Abstract • 22

Recent development of the International Prognostic Scoring System (IPSS) has provided an improved risk-based classification for adult MDS patients in comparison with prior methods (Blood 89:2079, 1997). Major features of this system are: (1) Consistent clinical characterization, including central morphologic classification based on the FAB system; marrow dysplasia in ≥2 hemopoietic cell lines with blast % enumerated; clinical stability for ≥4 weeks; exclusion of 'proliferative' CMML patients (WBC ≥12,000/µl). (2) Refined marrow cytogenetic classification: Poor (i.e., complex or chromosome 7 anomalies), Good (Normal, -Y, 5q- or 20q- alone) or Intermediate (other) categories. (3) Statistically combining features demonstrated by multivariate analysis to be independently significant (% marrow blasts, cytogenetics category, number of cytopenias) separated patients into 4 distinctive risk groups.
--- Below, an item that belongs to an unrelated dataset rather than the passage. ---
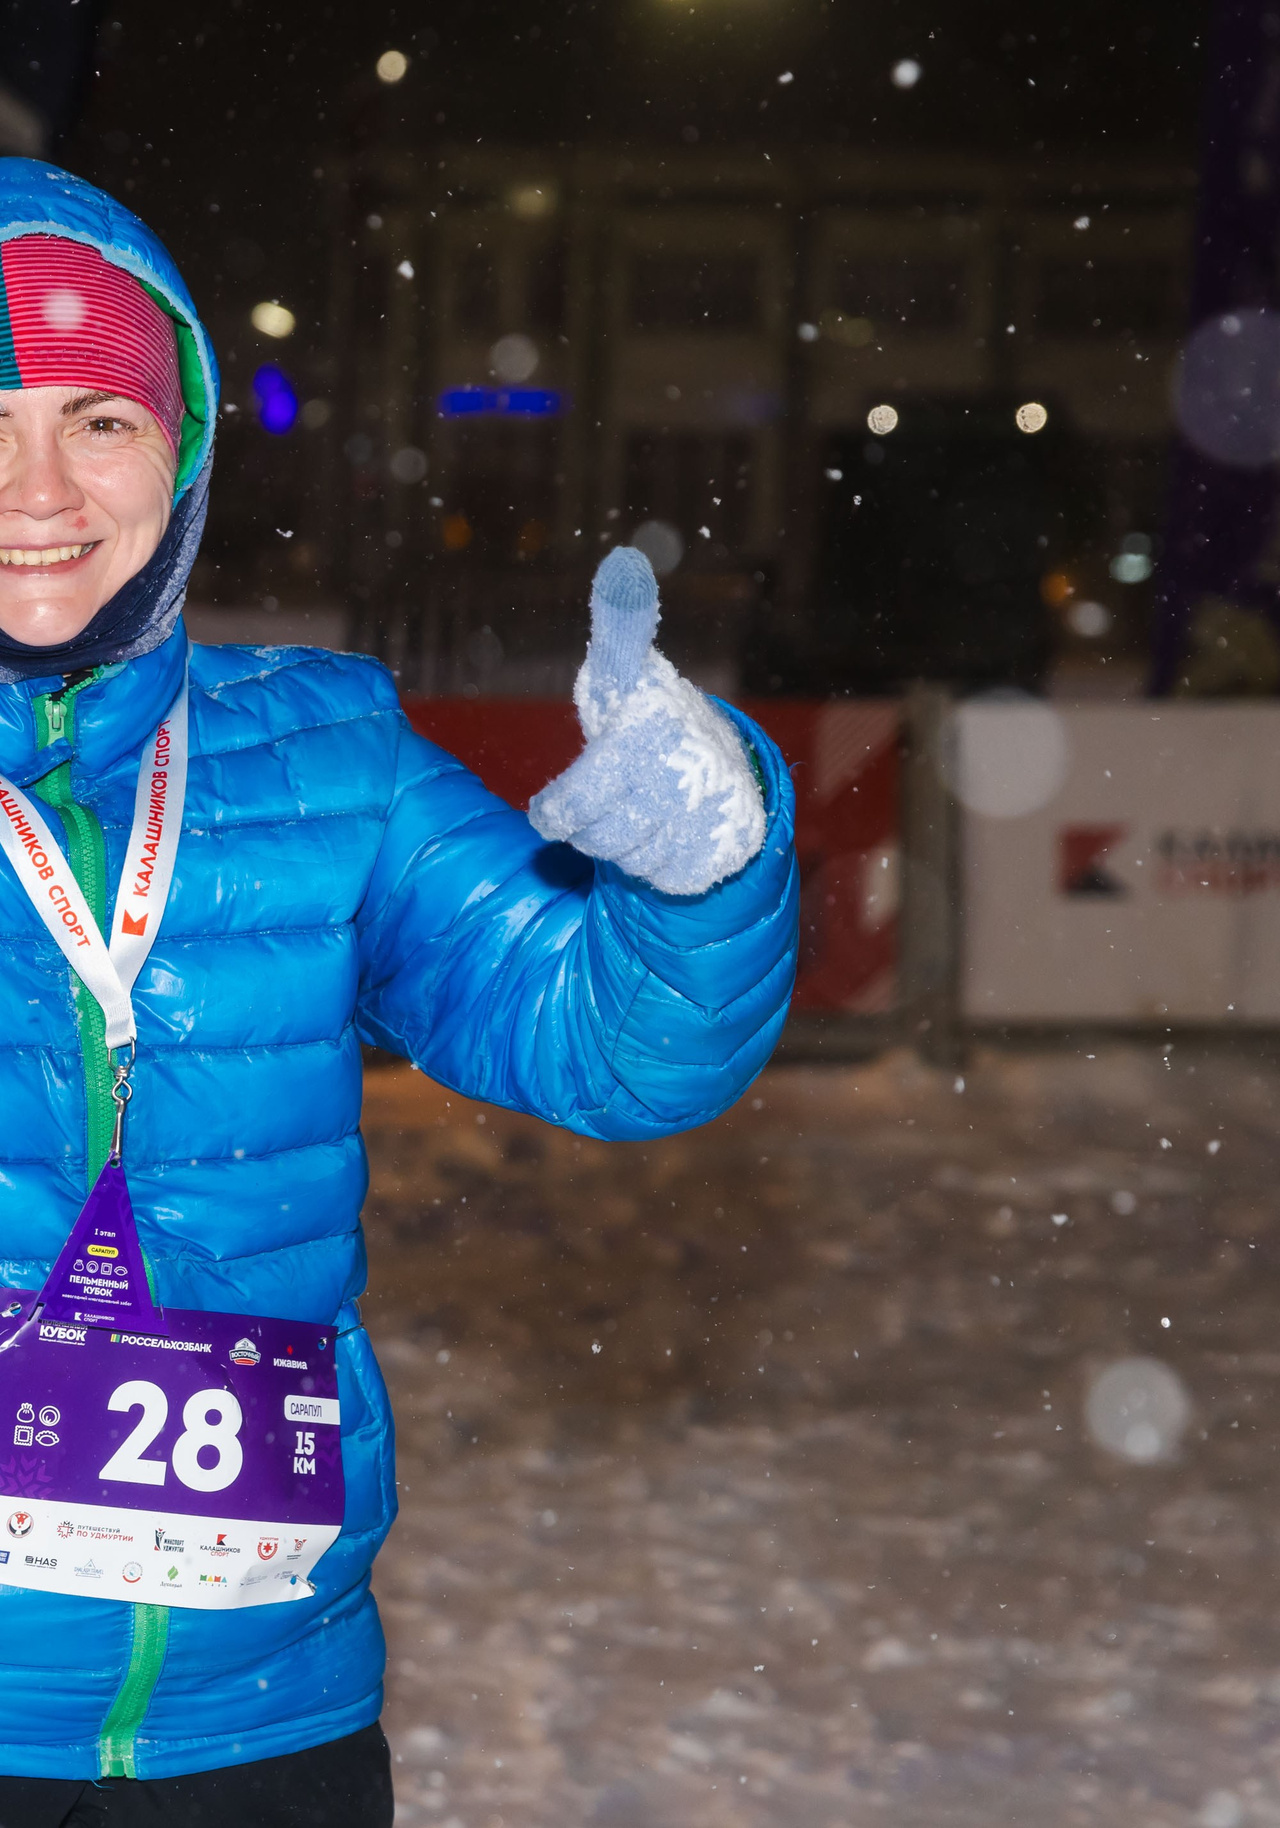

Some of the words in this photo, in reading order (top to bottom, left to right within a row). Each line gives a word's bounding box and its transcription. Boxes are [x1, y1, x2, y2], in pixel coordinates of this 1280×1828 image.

In this context, a number of the current pediatric MDS classifications will be discussed. As difficulties persist in evaluating clinical outcome in pediatric MDS, it is suggested that an International Risk Analysis Workshop be convened combining data from well characterized pediatric MDS patients, utilizing the above or similar methods (e.g., also stratifying for congenital vs acquired MDS & age, exclusion of 'proliferative' JMML patients, analysis of Hb F levels) to determine which critical variables impact significantly on clinical outcome. Following this analysis, a consensus system attempting to improve prognostic classification for pediatric MDS should be generated. Such a system may prove useful for more precise analysis and design of treatment options for these patients.